Книги возвращались в библиотеку несколько дней спустя, и откуда бы наблюдателям знать, что они возвращались проштудированные насквозь — дома, в тишине, вечером или ночью. Вот почему Леня так засуетился, когда его шеф произнес это мало для него, шефа, работоспособное словечко — упорядоченность…
Наутро, как и было обещано, выспавшийся, восстановивший свою невозмутимость Леонид Леонидович является к Эрнесту Ивановичу и кладет перед ним пачку листов. В них ошалевший от бессонницы Э. И. обнаруживает не только математическое описание спектральных причуд, свалившихся на голову злосчастного Бори, но и программу серии экспериментов, направленных на изучение новооткрытого физического явления — умножения числа линий в спектре под влиянием асимметрии молекул.

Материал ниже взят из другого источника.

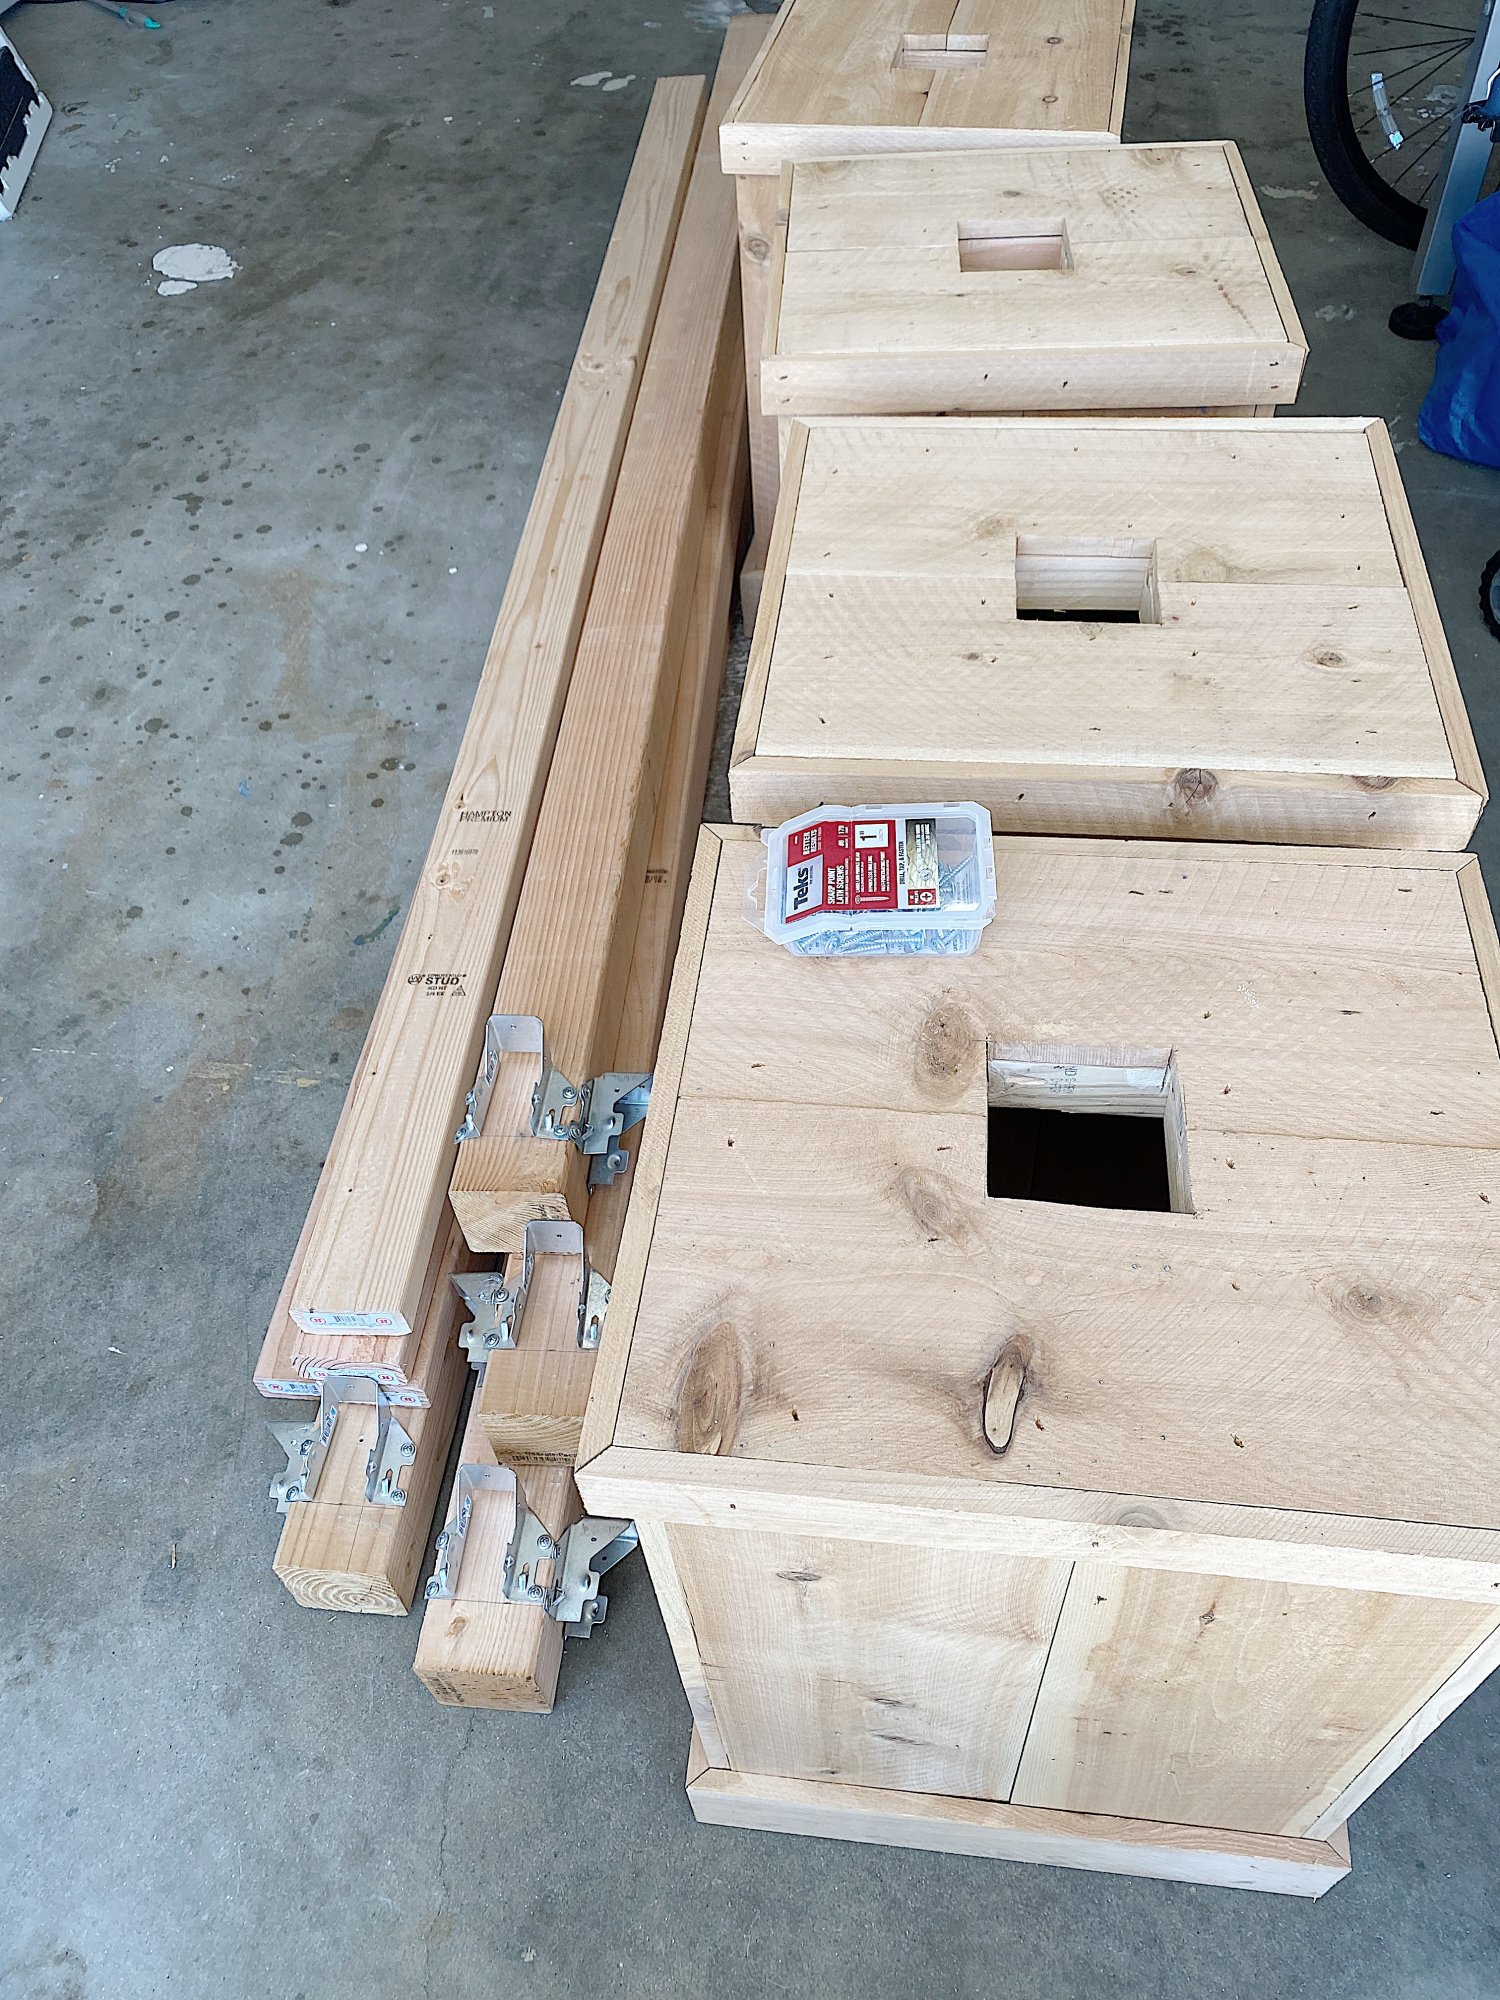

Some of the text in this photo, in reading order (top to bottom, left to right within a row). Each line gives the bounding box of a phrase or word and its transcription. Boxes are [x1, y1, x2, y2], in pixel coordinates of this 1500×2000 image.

Отправляются на прием в кабинет к Михаилу Ильичу, начальствующему, кстати, не только над Борей, но и над Леней, который получает зарплату из фондов его отдела. Разъясняют, что увольнять бедного химика не за что. Завотделом перелистывает выкладки, ухватывает далеко идущие выводы, которые проглядывают сразу, до всяких опытов — и изрекает, адресуясь к Эрнесту Ивановичу: «Голова у вашего парня варит». Парень сидит тут же, рядом, но Михаил Ильич не имеет обычая напрямую обращаться к рядовым исполнителям.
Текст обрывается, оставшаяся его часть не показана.